WHAT YOU WILL DO → Keep the wording of the records intact as you retype them, and omit every image.

+-------+

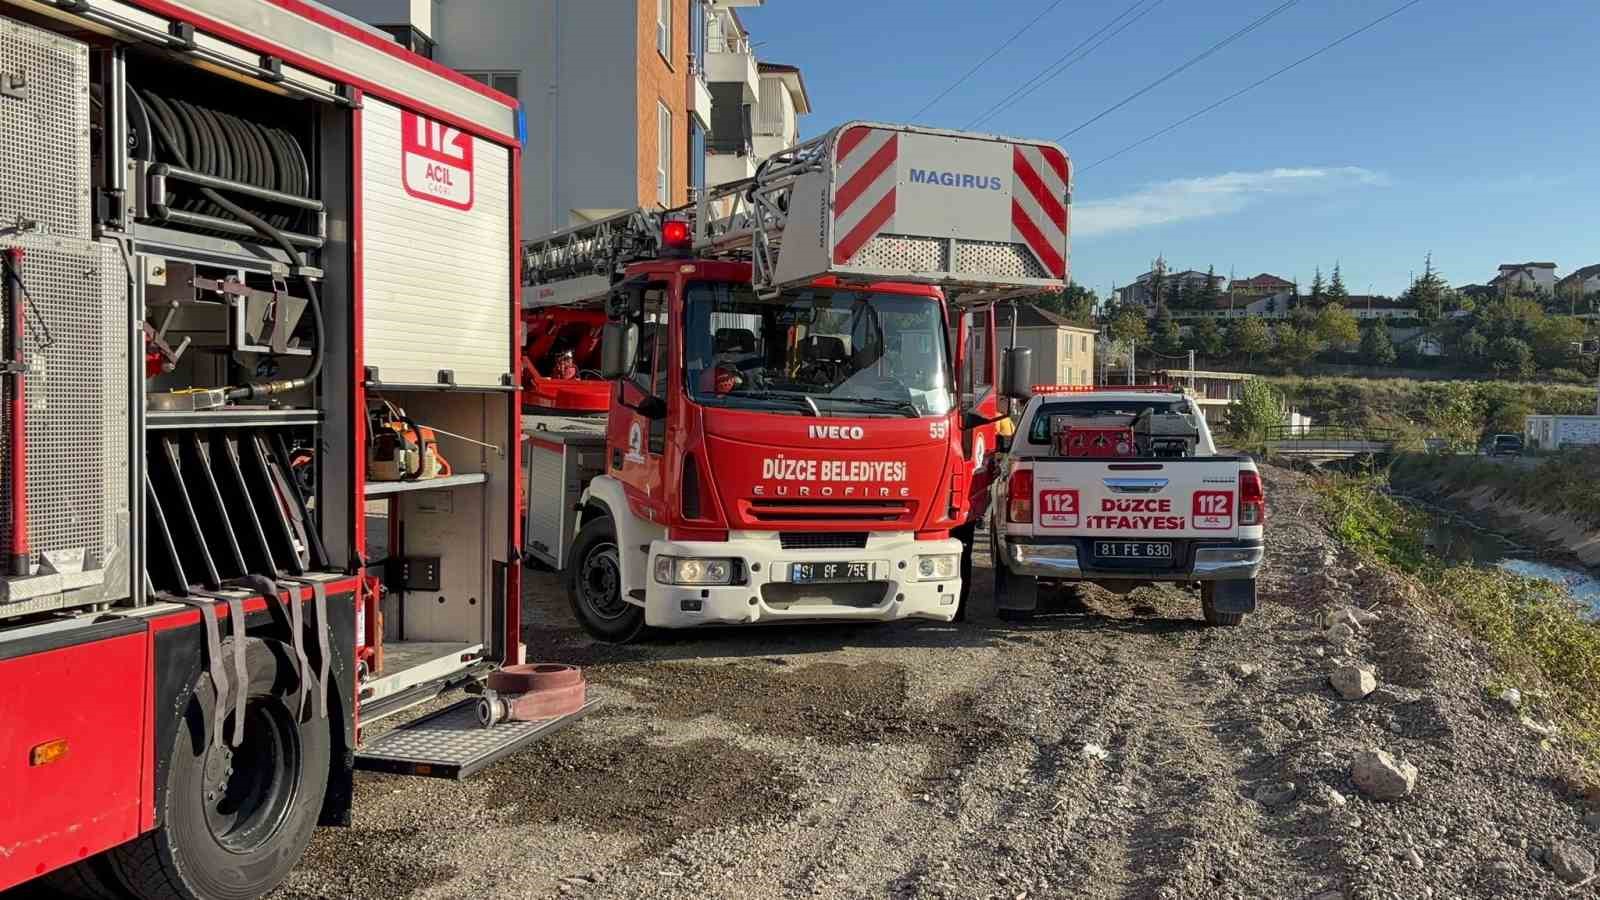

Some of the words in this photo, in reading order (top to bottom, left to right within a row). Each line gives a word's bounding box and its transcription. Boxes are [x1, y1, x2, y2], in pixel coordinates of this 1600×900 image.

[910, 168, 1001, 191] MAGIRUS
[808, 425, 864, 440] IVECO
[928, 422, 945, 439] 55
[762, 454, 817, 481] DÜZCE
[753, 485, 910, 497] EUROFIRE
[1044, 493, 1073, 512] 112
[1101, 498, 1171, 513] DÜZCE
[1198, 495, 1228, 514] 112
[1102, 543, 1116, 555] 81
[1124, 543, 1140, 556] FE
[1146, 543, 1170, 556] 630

+-------+

EXERCISE RESULT →
Some of the words in this photo, in reading order (top to bottom, left to right within a row). Each line gives a word's bounding box and its transcription. Boxes are [x1, y1, x2, y2], in pixel coordinates of this 1600×900 image.

[910, 168, 1001, 191] MAGIRUS
[808, 425, 864, 440] IVECO
[928, 422, 945, 439] 55
[762, 454, 817, 481] DÜZCE
[753, 485, 910, 497] EUROFIRE
[1044, 493, 1073, 512] 112
[1101, 498, 1171, 513] DÜZCE
[1198, 495, 1228, 514] 112
[1102, 543, 1116, 555] 81
[1124, 543, 1140, 556] FE
[1146, 543, 1170, 556] 630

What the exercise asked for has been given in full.